• [EXERCISE DIRECTIONS] Please repeat the records beneath this task exactly as they appear, but skip the images.

• [MATERIAL FOR THIS TASK]
##########

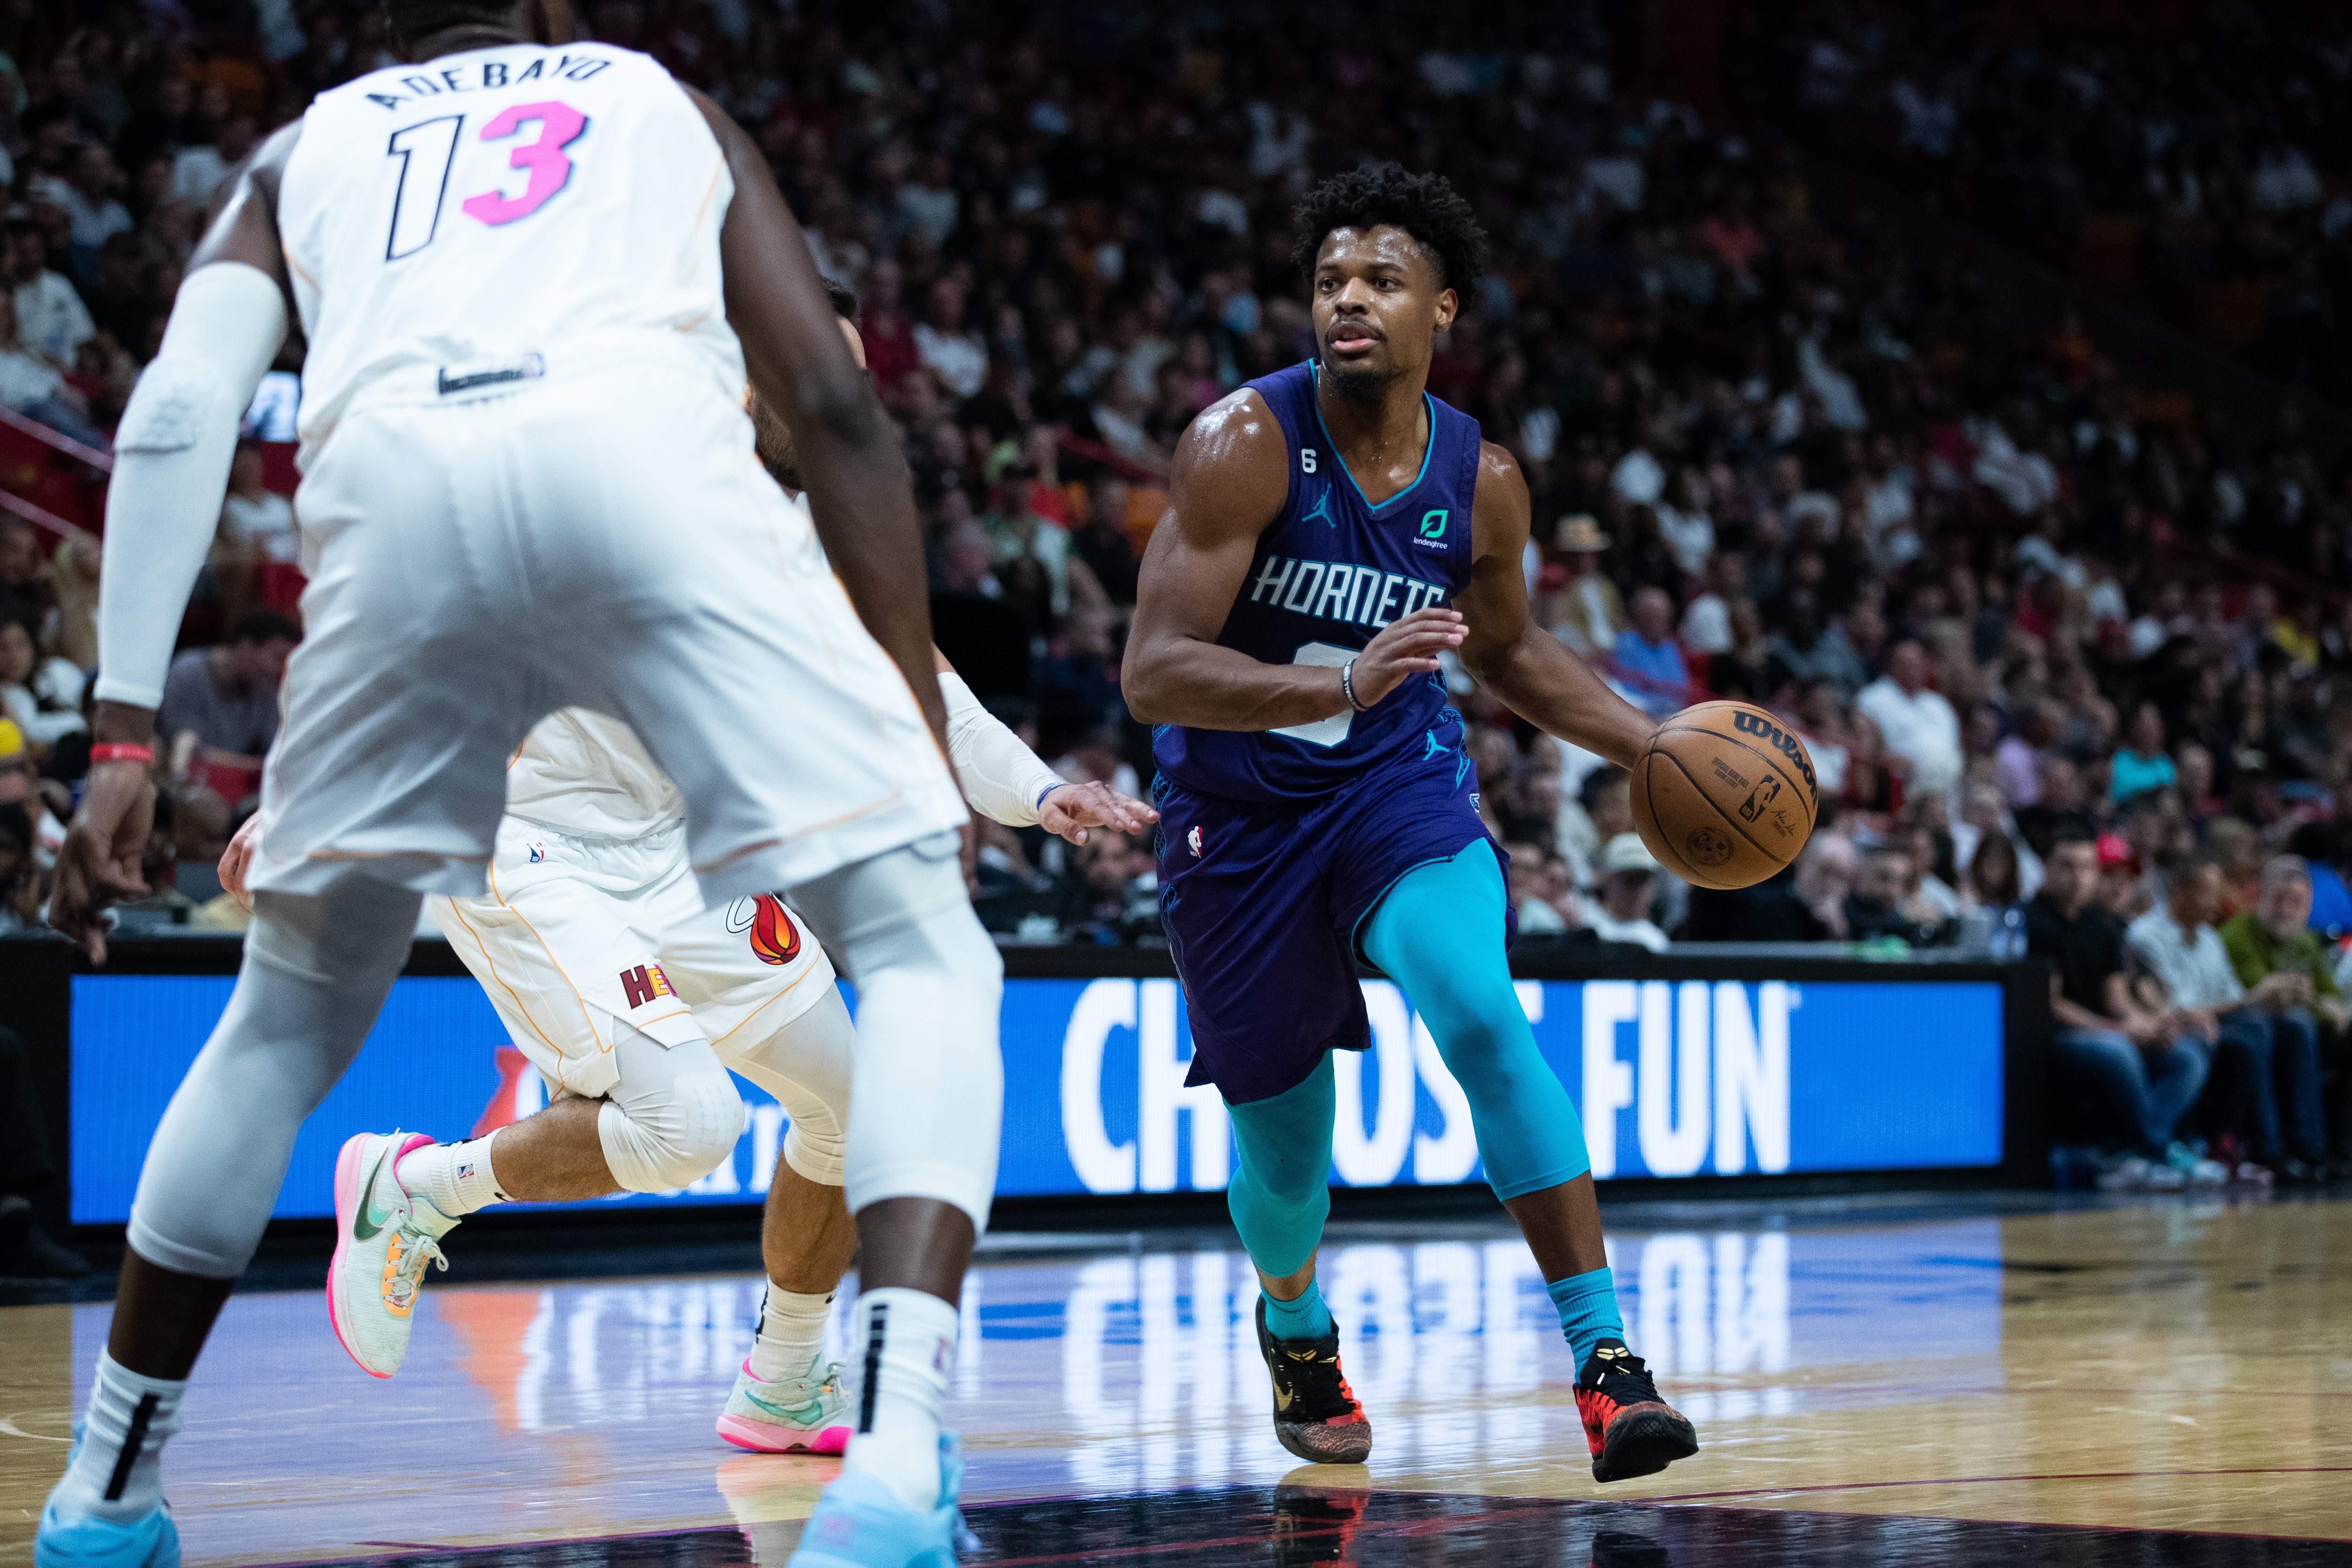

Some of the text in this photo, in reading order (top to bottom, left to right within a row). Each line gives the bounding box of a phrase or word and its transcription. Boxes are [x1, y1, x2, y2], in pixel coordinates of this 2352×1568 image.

[385, 100, 592, 263] 13
[1301, 448, 1317, 474] 6
[1414, 536, 1448, 550] lendingtree
[1728, 769, 1741, 782] GAME
[1737, 777, 1750, 789] BALL
[619, 964, 678, 1010] HE
[1061, 977, 1545, 1194] CHOS
[1583, 979, 1791, 1180] FUN

##########

• [RESPONSE TO THIS EXERCISE]
Some of the text in this photo, in reading order (top to bottom, left to right within a row). Each line gives the bounding box of a phrase or word and its transcription. Boxes are [x1, y1, x2, y2], in pixel coordinates of this 2352×1568 image.

[385, 100, 592, 263] 13
[1301, 448, 1317, 474] 6
[1414, 536, 1448, 550] lendingtree
[1728, 769, 1741, 782] GAME
[1737, 777, 1750, 789] BALL
[619, 964, 678, 1010] HE
[1061, 977, 1545, 1194] CHOS
[1583, 979, 1791, 1180] FUN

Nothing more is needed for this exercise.